TRY IT ▸
Repeat each entry word for word; the images are not part of the copy.

MATERIAL TO PROCESS ▸
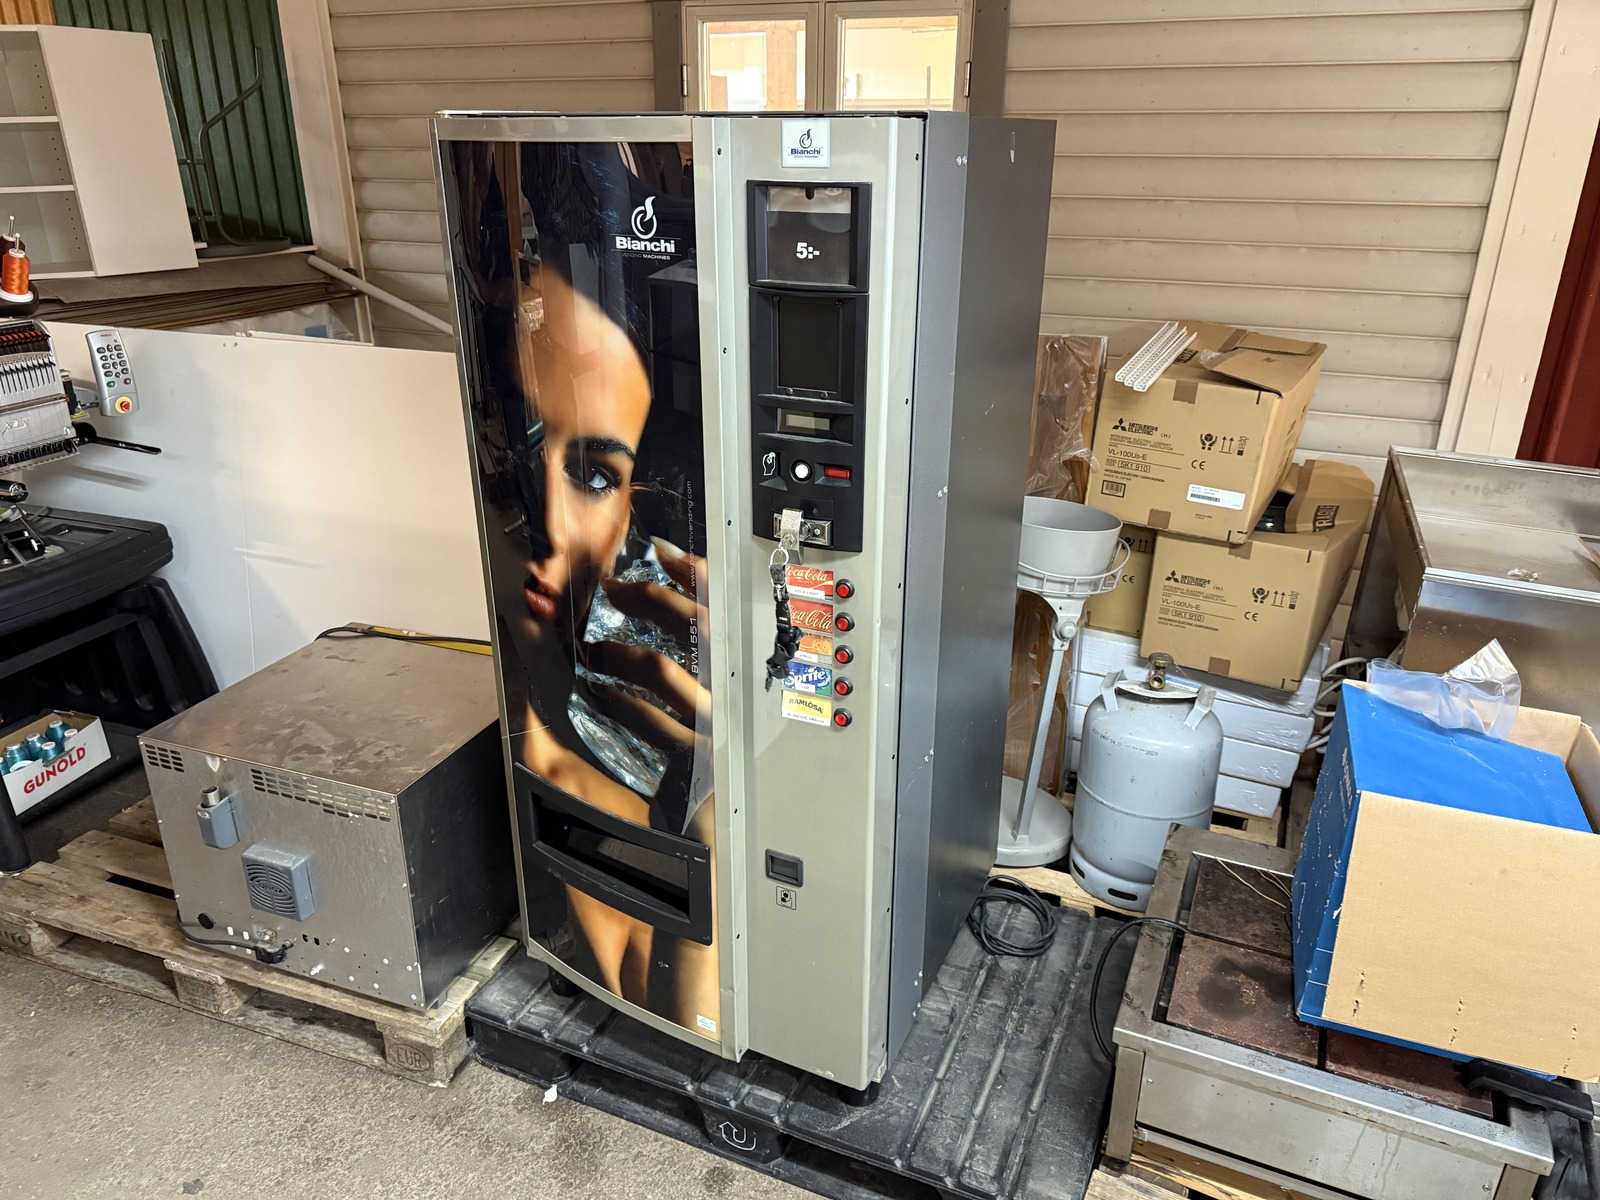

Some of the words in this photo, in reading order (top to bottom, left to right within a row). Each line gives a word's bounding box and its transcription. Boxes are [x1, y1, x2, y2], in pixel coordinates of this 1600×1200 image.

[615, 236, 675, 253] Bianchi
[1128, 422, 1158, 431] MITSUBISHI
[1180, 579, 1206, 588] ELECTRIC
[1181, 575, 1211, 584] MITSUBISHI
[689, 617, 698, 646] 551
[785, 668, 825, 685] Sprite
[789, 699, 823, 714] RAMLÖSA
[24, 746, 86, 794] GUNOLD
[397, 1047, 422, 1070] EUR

TASK ANSWER ▸
Some of the words in this photo, in reading order (top to bottom, left to right within a row). Each line gives a word's bounding box and its transcription. Boxes are [x1, y1, x2, y2], in pixel coordinates of this 1600×1200 image.

[615, 236, 675, 253] Bianchi
[1128, 422, 1158, 431] MITSUBISHI
[1180, 579, 1206, 588] ELECTRIC
[1181, 575, 1211, 584] MITSUBISHI
[689, 617, 698, 646] 551
[785, 668, 825, 685] Sprite
[789, 699, 823, 714] RAMLÖSA
[24, 746, 86, 794] GUNOLD
[397, 1047, 422, 1070] EUR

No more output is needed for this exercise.